I’m looking at some smaller parks, 10-12 units on city sewer/water. Assuming the numbers work, is there a good reason to avoid parks this small?
While I have owned a 15 space park before, I think you should set your sights on something a little larger as a minimum size. A 25 space park would give you much better economics due to better scale, and would have more exit options. Let’s assume that you bought a fixer upper 25 space park for $10,000 per space, or $250,000. Then you increase the rent, cut the costs, clean it up, groom it at every turn, and build it into a 20% cap rate, which you then sell for a 10% cap rate or double your purchase price. At $500,000, the buyer has an asset that has enough return to warrant the investment, because a 20% cash-on-cash with 20% down would mean the buyer would put down $100,000 and get $20,000 per year. On a park half that size, the return would only be $10,000, and that’s not enough for a normal buyer to get interested in it.
I would say that depends more on you than on the park. Most of us have some scale and are focussing on parks with 50+ spaces.

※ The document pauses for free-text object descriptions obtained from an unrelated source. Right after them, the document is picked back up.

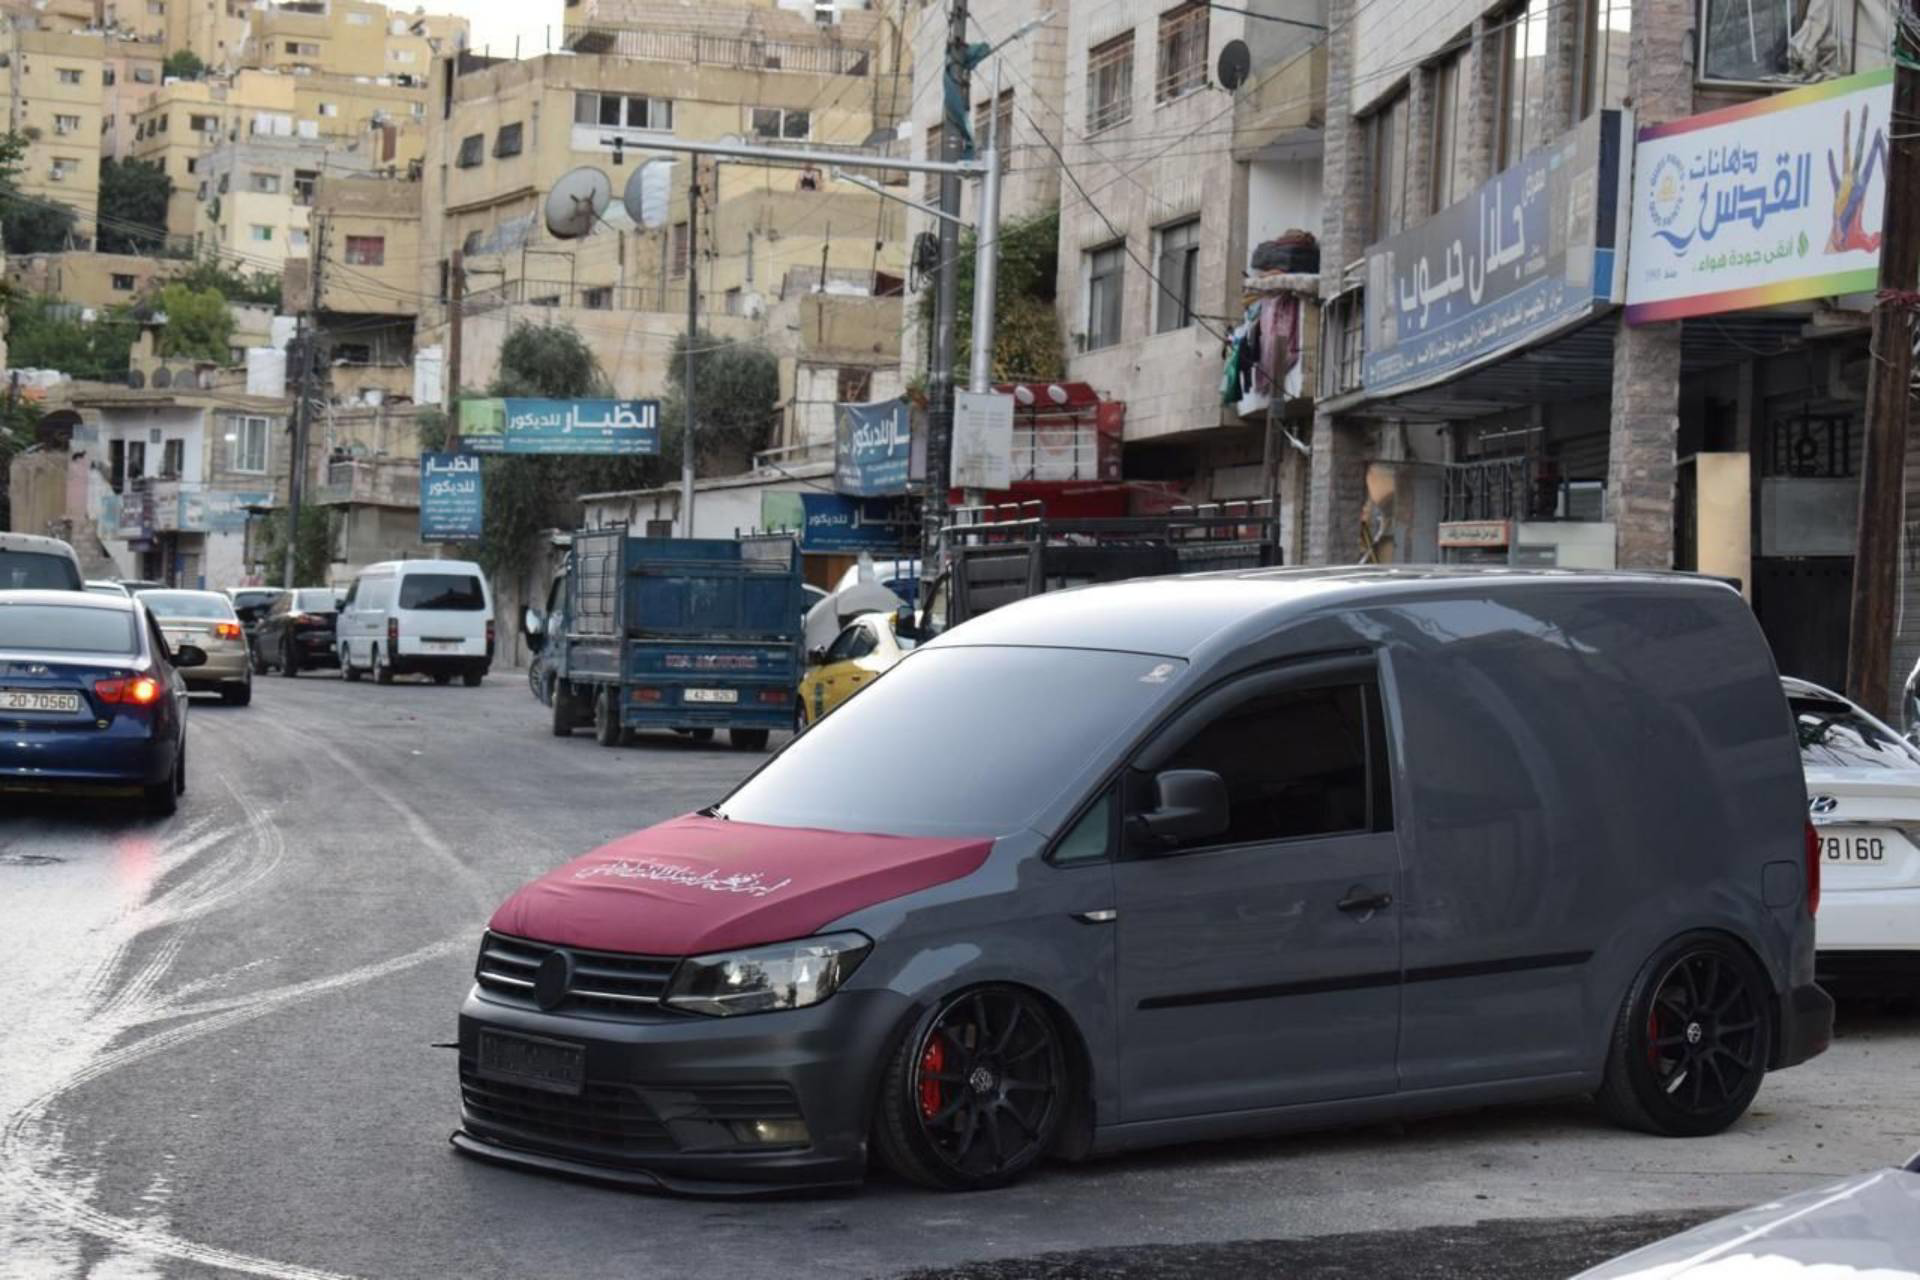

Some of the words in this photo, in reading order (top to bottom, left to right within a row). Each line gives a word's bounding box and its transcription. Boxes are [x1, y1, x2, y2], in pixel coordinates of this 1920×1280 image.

[1689, 142, 1758, 180] دهانات
[1698, 151, 1812, 241] القدس
[1469, 181, 1525, 305] جلال
[509, 412, 560, 430] للديكور
[427, 479, 476, 497] للديكور
[808, 513, 848, 527] للديكور
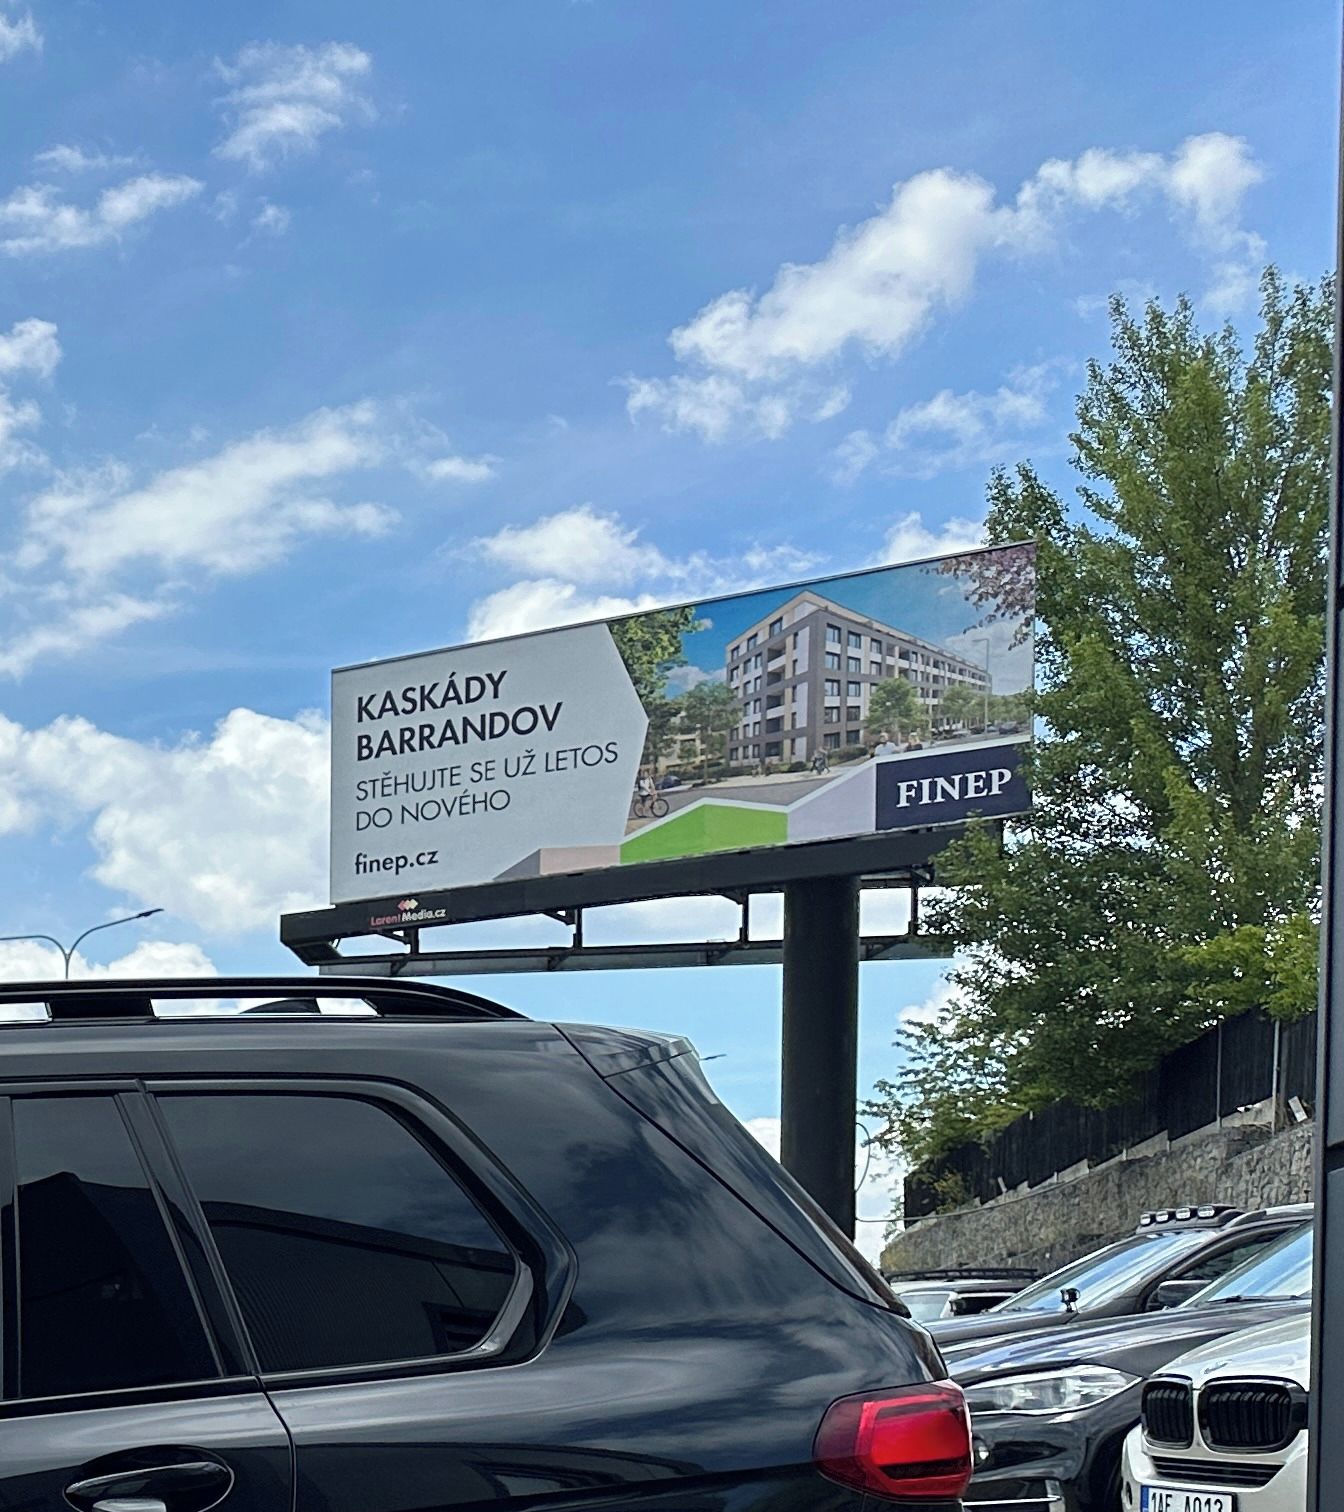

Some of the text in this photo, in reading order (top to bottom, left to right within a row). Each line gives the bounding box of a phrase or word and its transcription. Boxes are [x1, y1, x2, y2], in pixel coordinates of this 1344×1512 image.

That said, we just purchased a 20-space park because:
it was close to one of our other parks and could leverage our infrastructure in the area (repair crews, management, etc.), and
it was poorly managed. Between billing for water and fixing a few abandoned homes and raising rents, it could nearly-effortlessly become a 20% cap park inside of 90 days, and
we got 100% bank financing, so it was a ‘free’ park(!), and
we don’t ever intend on selling the property, so we were not concerned about buying a park that was too small to be easily sold down the road. As Warren Buffett says, “I only have an entrance strategy, not an exit strategy.”
So you need to think about if/what other properties and people you have in the area (or if none, how close the property is to your home because you will be traveling there), and if/what your exit strategy is. If you have little capital, then get started small. If you can afford more, go larger. Just get into this business one way or the other.